Our built environment is no longer isolated to this experience.
On one hand, solutions to make building more intuitive and responsive to the users are being developed, and on the other, ideas like open Data – where multiple agents in a city can be analyzed together, are enabling us to understand our cities better. With this paradigm shift, we are also faced with unprecedented problems.such as personal privacy for both physical and virtual identities.

However, development of extraordinary materials, technologies and evidence-baseddata-driven processes – allows us a unique opportunity to overcome these issues and develop systems which are powerful, ethical and intuitive.

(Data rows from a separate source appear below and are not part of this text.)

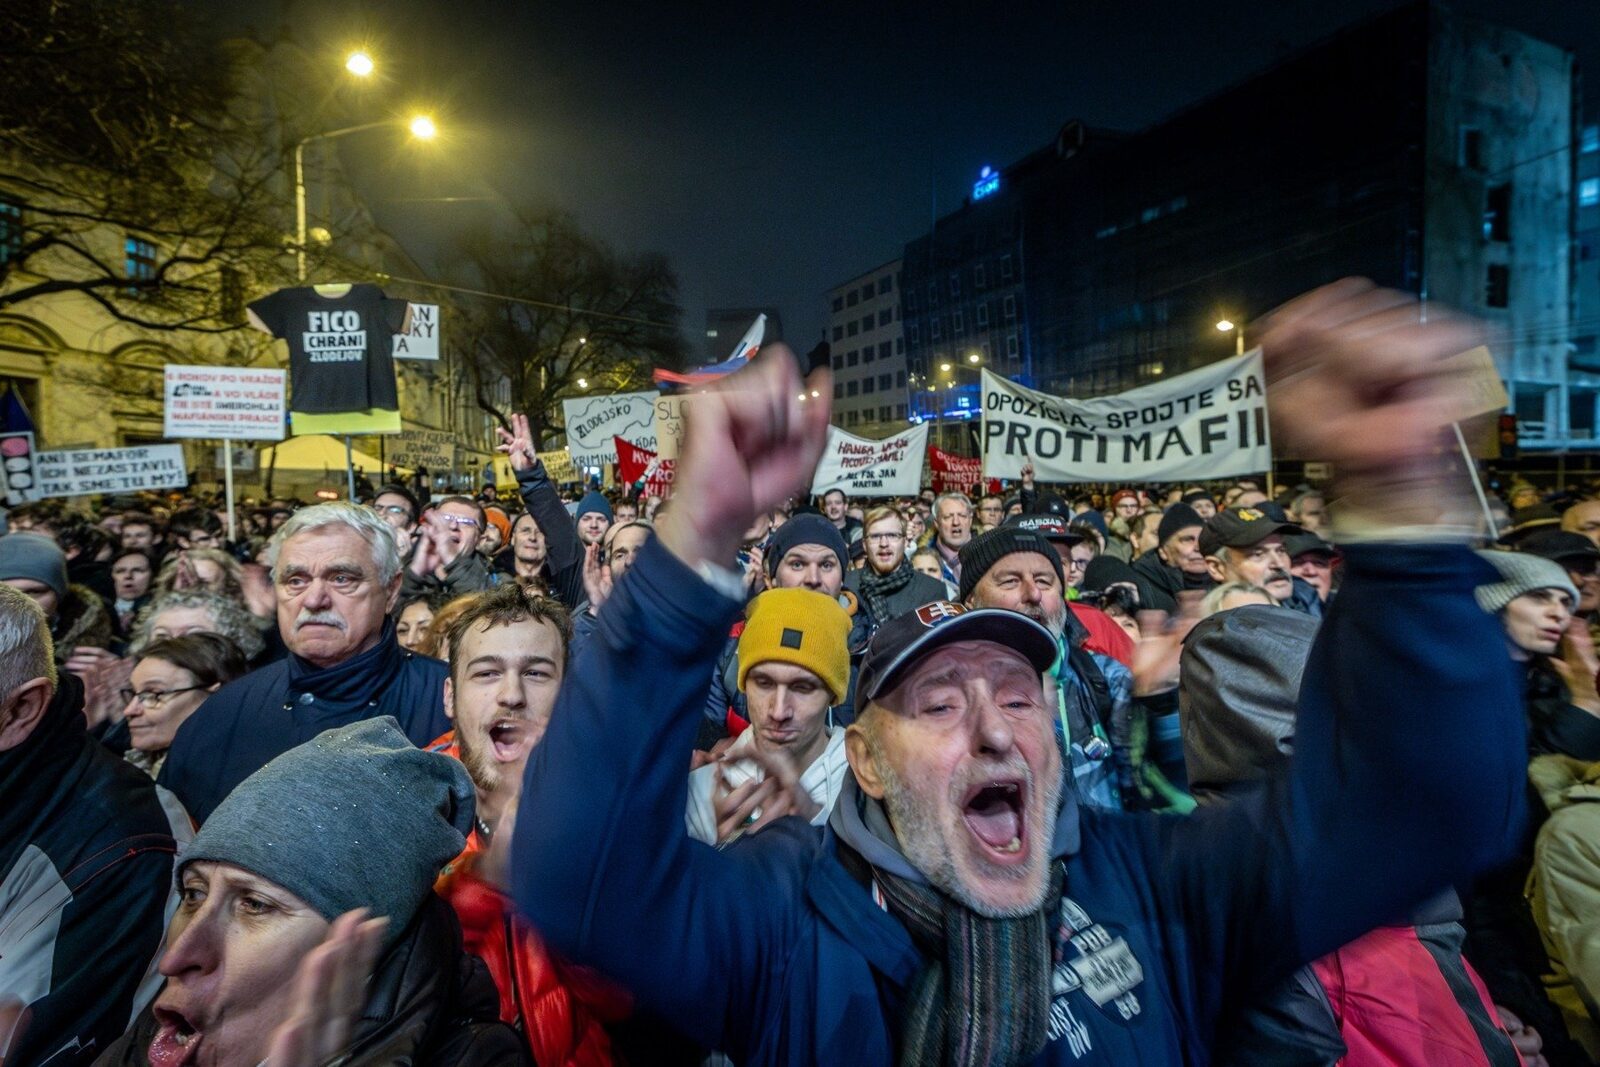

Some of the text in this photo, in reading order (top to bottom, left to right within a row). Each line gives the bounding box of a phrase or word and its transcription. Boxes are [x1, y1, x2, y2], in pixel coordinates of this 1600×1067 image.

[307, 310, 361, 332] FICO
[1107, 388, 1214, 430] SPOJTE
[1227, 375, 1263, 402] SA
[575, 404, 632, 439] ZLODEJSKO
[985, 407, 1267, 464] PROTI MAFII
[72, 449, 149, 463] SEMAFOR
[42, 470, 183, 495] TAK SME TU MY!
[879, 468, 896, 478] JAN
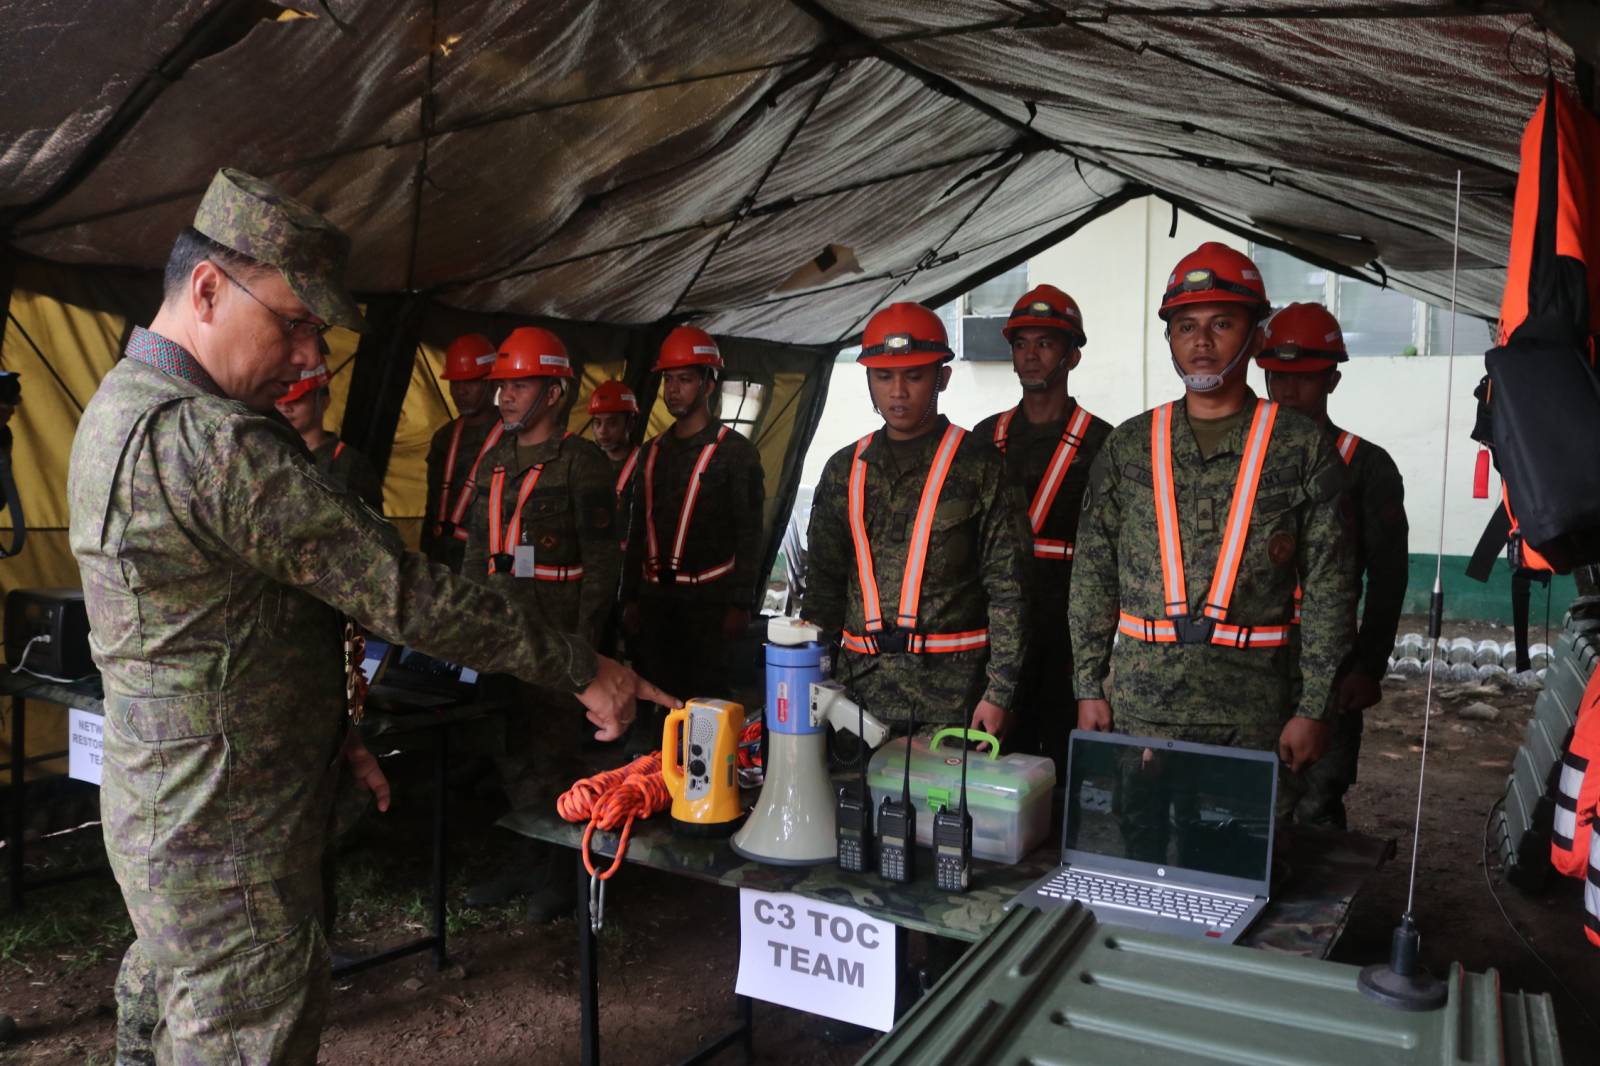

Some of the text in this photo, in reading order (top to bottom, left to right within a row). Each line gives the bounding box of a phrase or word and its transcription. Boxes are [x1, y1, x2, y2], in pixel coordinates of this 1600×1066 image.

[78, 720, 103, 734] NETW
[72, 733, 103, 749] RESTOR
[89, 752, 103, 765] TE
[754, 899, 880, 949] C3 TOC
[768, 940, 864, 988] TEAM
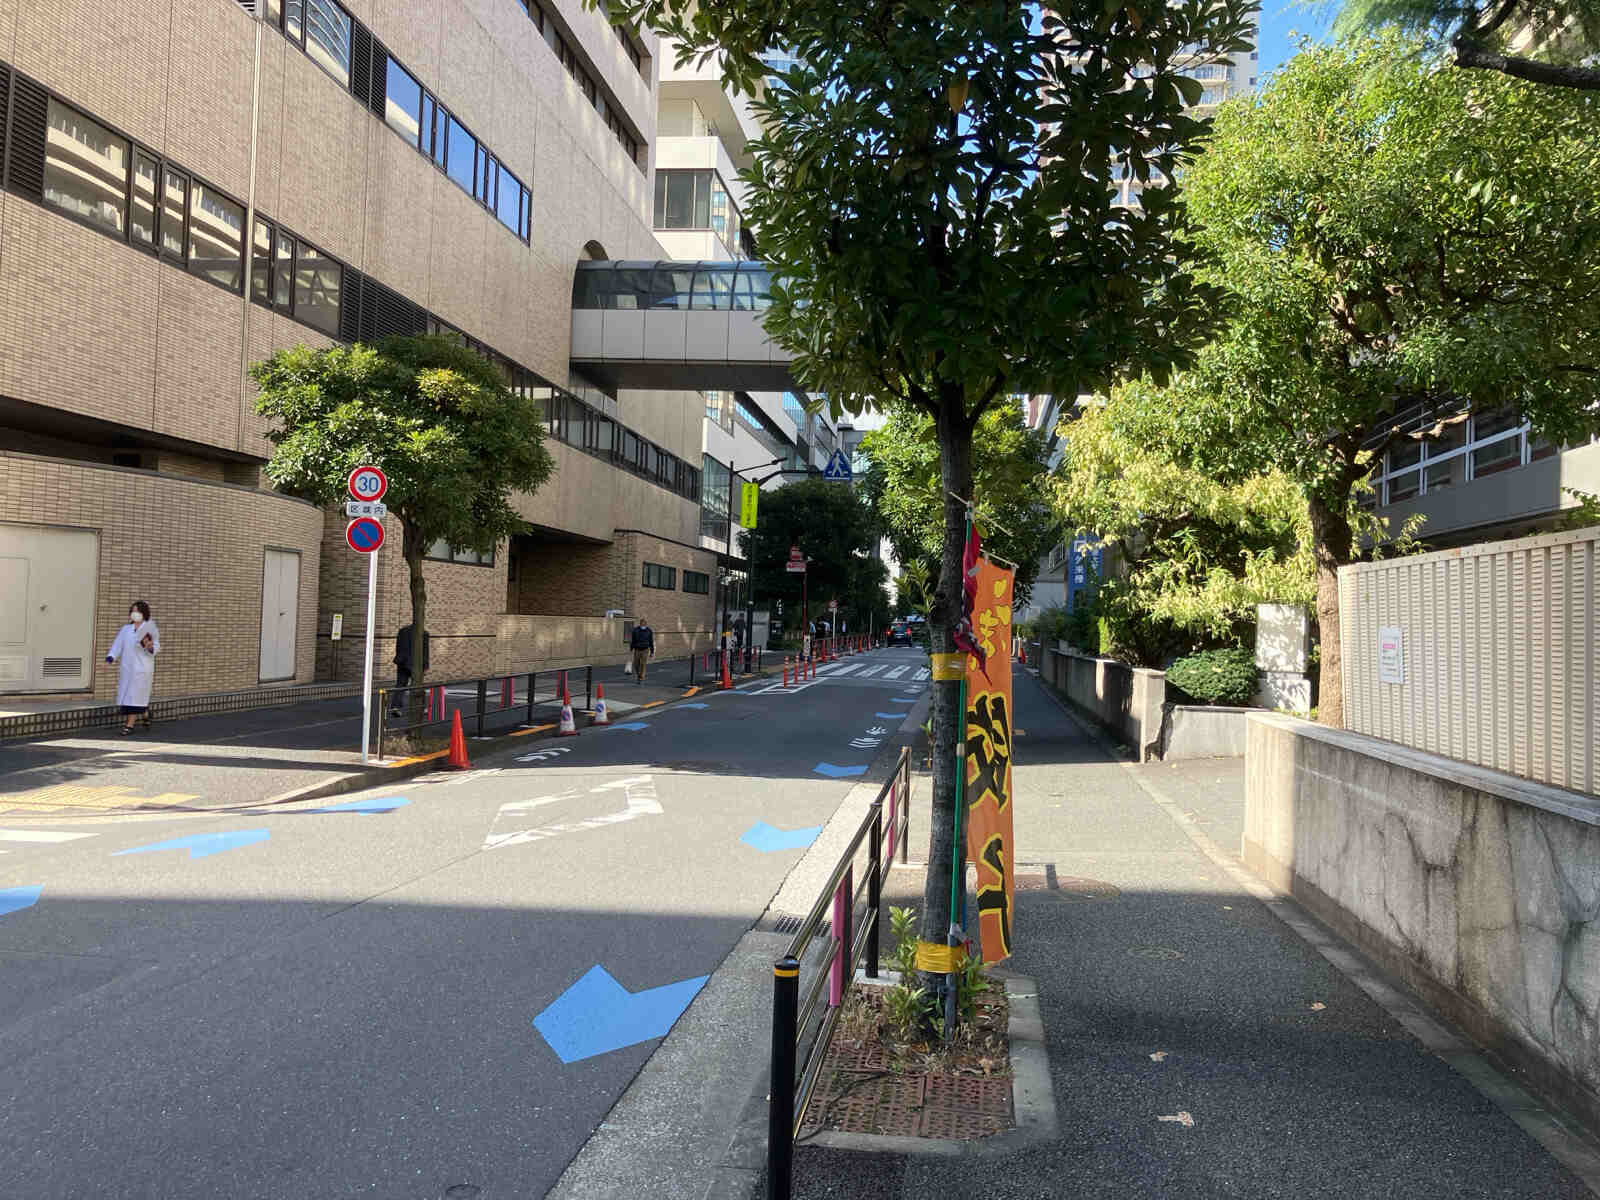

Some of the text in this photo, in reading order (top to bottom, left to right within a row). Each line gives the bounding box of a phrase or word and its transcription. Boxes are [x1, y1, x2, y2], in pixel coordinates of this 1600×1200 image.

[358, 476, 379, 492] 30
[350, 504, 384, 514] 区域内
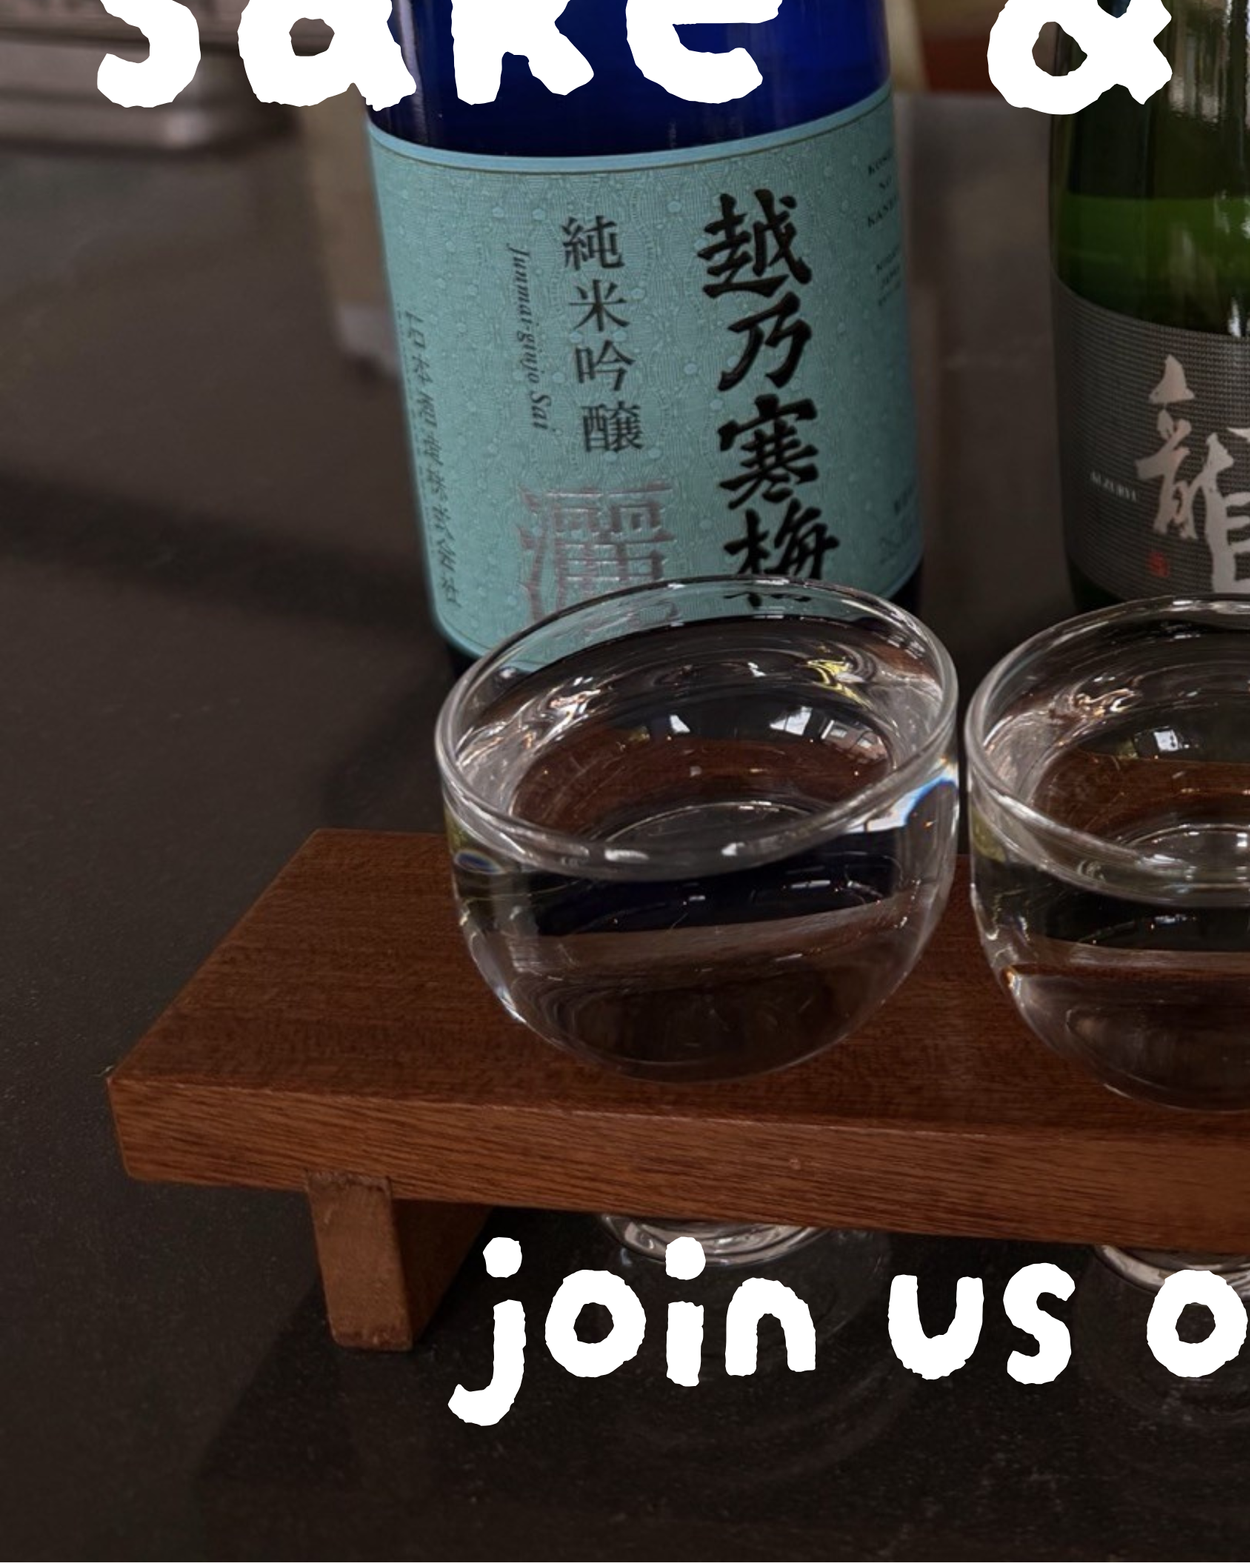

As we developed our project in this context, it became clear to us that there are two main focuses that we are dealing with – Active surfaces and Adaptive spatiotemporal strategies. And that they are not only intrinsically connected to each other but together, provide a novel and powerful opportunity for architecture and urban design.

Research Topic


 ” How can we develop an interactive medium for spatiotemporal control and analysis, which allows an enhanced architectural performance and user experience? “


The absence of accurate, real-time information about individual’s spatial behavior leaves designers and decision makers without a real space performance metric and may consequently lead to poor judgment and speculations. This work-in-progress research and experimentations aim to provide designers and decision makers with an information gathering tool for users’ spatial behavioral patterns towards a better evidence-based, contextual, data-driven process and behavioral research.

Using surface embedded Graphene Nanoplatelets, capacitive sensing system along with machine learning processes, this research presents an analytical and interactive medium for user’s presence sensing, position tracing, and gesture recognition.

Moreover, we present several cases in which this system acts as an actuator when paired with various active layers for applications such as localized heating and haptic feedback.


Architecture has always been in the process of transformation, responding to the technological, social and cultural changes. In recent years, acceleration in digital media technologies has had a very significant impact on multiple facets of architecture ranging from design and modeling, communication, fabrication, and automation in buildings.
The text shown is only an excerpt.